> **Work instructions**
Images are not wanted; transcribe the rest of the listing exactly.

> **Material shown**

===

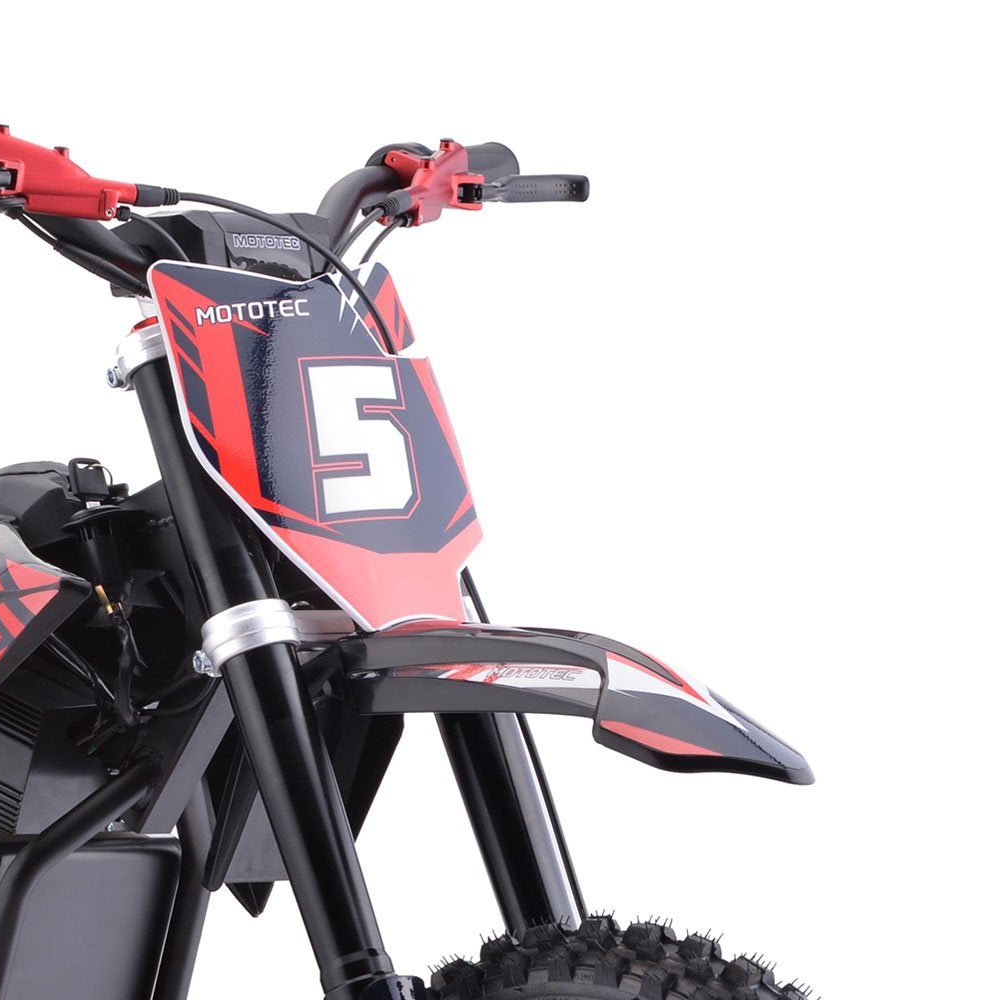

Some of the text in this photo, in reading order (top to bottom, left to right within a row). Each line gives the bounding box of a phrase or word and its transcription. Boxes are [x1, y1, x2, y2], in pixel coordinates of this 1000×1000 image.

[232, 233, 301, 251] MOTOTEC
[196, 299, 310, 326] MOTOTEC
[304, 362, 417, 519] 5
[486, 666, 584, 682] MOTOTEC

===

> **Solution for this problem**
Some of the text in this photo, in reading order (top to bottom, left to right within a row). Each line gives the bounding box of a phrase or word and its transcription. Boxes are [x1, y1, x2, y2], in pixel coordinates of this 1000×1000 image.

[232, 233, 301, 251] MOTOTEC
[196, 299, 310, 326] MOTOTEC
[304, 362, 417, 519] 5
[486, 666, 584, 682] MOTOTEC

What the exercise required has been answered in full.